> Assignment
From the listing below, output only the lines starting at the line that has "this 1080×1920 image." and ending at the line that has "Some of the words", exactly as they appear, ends included.

> Supplied entries
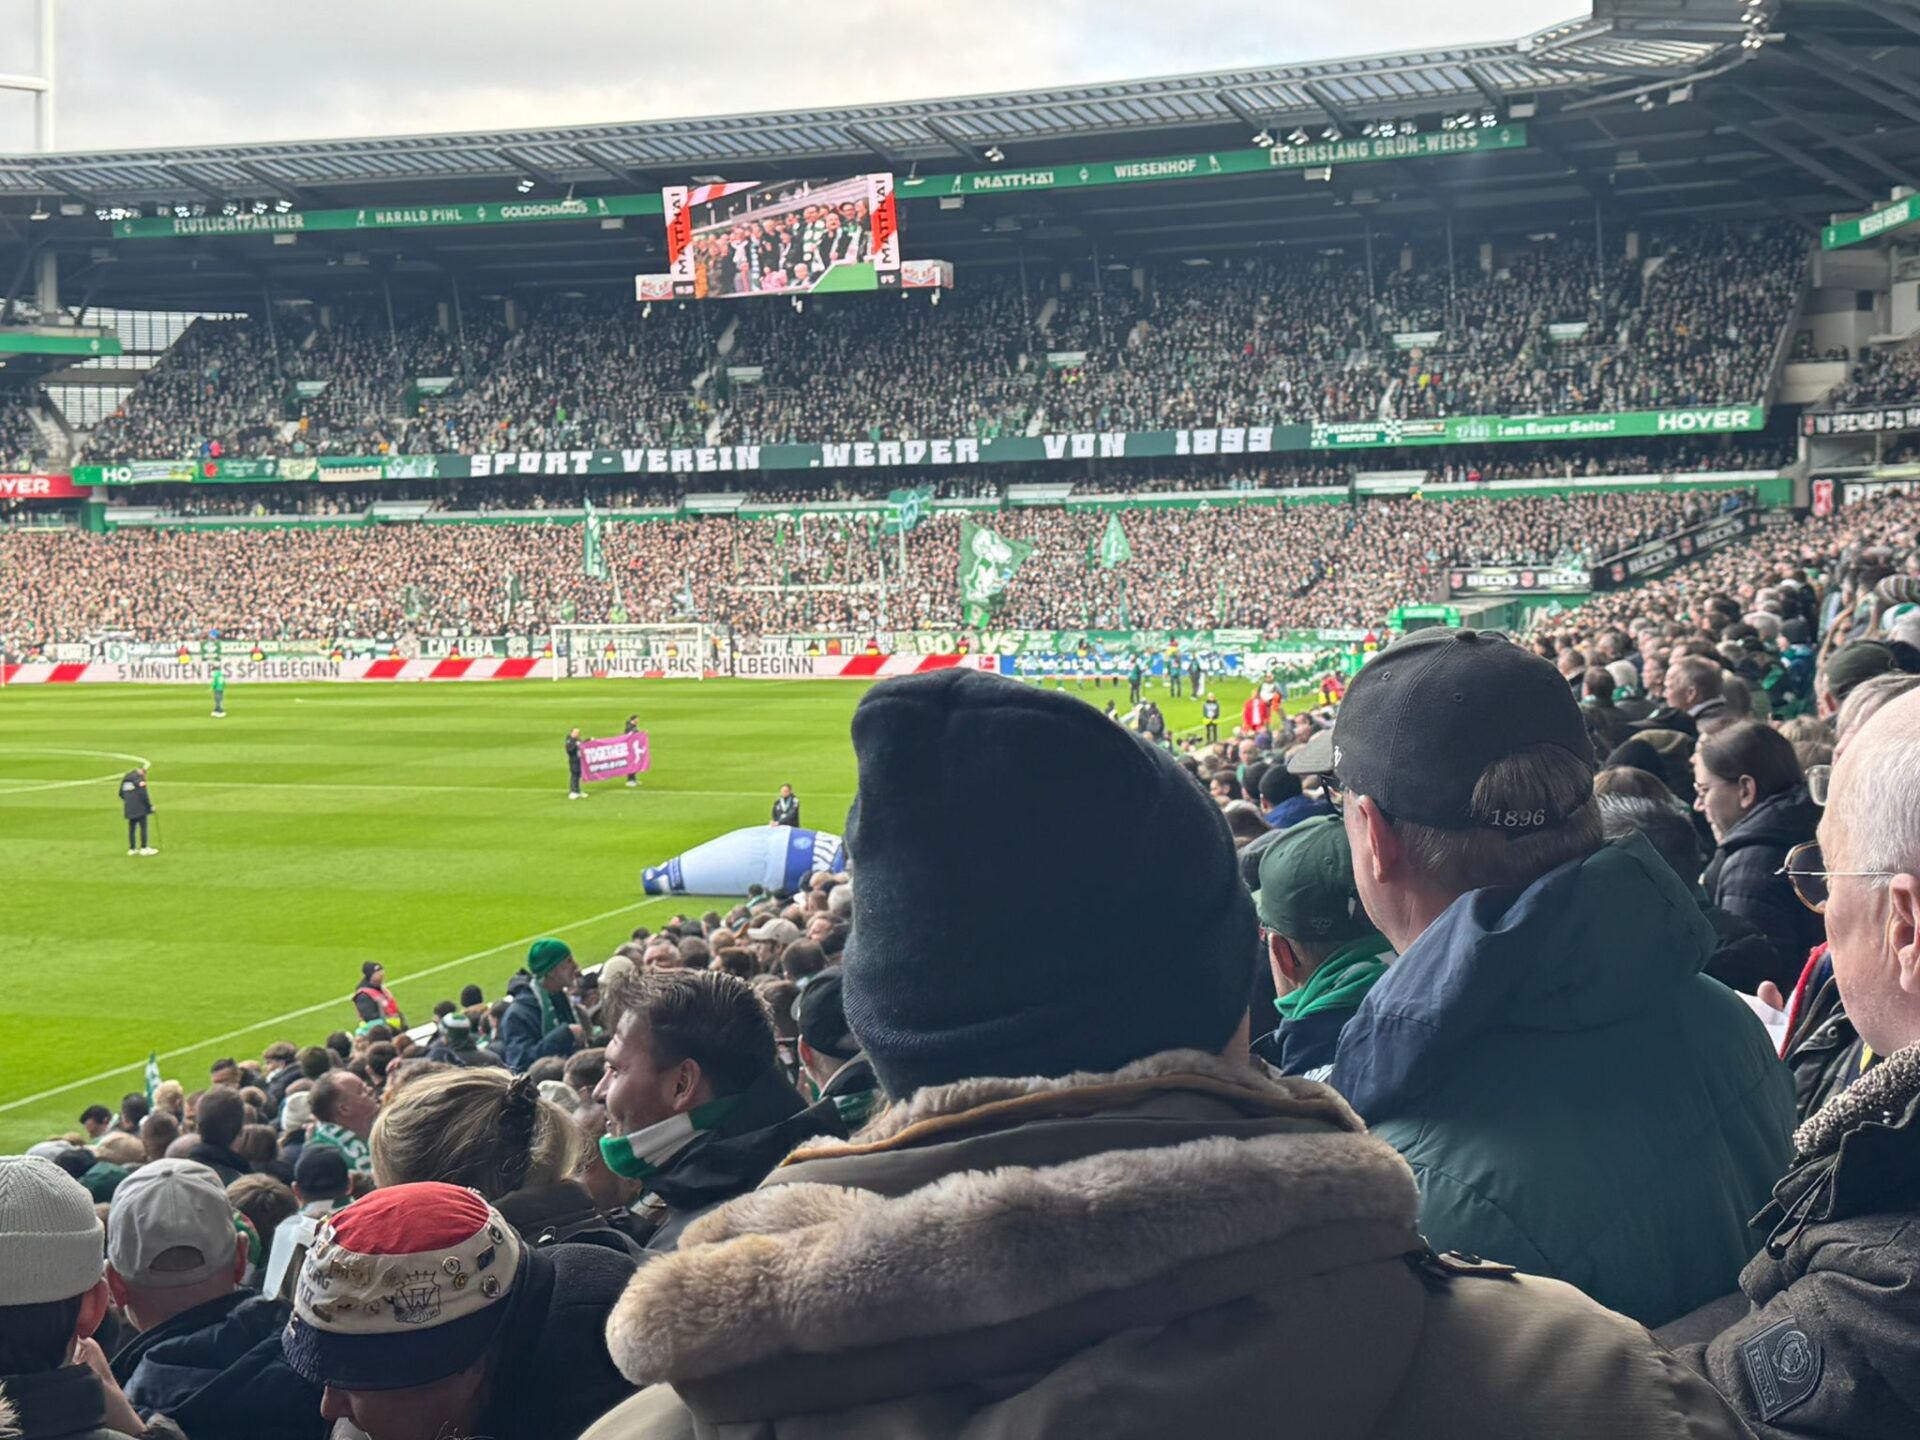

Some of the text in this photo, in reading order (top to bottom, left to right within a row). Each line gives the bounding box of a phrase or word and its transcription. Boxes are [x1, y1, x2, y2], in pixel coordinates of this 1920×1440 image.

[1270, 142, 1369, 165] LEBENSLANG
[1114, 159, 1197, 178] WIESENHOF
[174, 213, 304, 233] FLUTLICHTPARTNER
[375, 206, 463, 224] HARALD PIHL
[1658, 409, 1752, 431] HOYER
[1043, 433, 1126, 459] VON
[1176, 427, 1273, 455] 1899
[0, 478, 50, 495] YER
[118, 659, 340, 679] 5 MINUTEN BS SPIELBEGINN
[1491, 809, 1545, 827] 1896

--

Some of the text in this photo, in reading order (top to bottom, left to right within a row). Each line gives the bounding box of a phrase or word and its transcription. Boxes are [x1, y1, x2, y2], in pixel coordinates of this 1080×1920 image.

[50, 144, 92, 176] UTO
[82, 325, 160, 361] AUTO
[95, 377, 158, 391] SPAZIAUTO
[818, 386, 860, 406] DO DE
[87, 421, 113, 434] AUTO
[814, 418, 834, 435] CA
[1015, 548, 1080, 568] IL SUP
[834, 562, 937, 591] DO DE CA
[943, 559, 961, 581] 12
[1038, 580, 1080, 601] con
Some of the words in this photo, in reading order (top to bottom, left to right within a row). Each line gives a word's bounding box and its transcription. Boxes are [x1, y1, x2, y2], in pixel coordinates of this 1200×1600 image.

> Task result
Some of the text in this photo, in reading order (top to bottom, left to right within a row). Each line gives the bounding box of a phrase or word and its transcription. Boxes are [x1, y1, x2, y2], in pixel coordinates of this 1080×1920 image.

[50, 144, 92, 176] UTO
[82, 325, 160, 361] AUTO
[95, 377, 158, 391] SPAZIAUTO
[818, 386, 860, 406] DO DE
[87, 421, 113, 434] AUTO
[814, 418, 834, 435] CA
[1015, 548, 1080, 568] IL SUP
[834, 562, 937, 591] DO DE CA
[943, 559, 961, 581] 12
[1038, 580, 1080, 601] con
Some of the words in this photo, in reading order (top to bottom, left to right within a row). Each line gives a word's bounding box and its transcription. Boxes are [x1, y1, x2, y2], in pixel coordinates of this 1200×1600 image.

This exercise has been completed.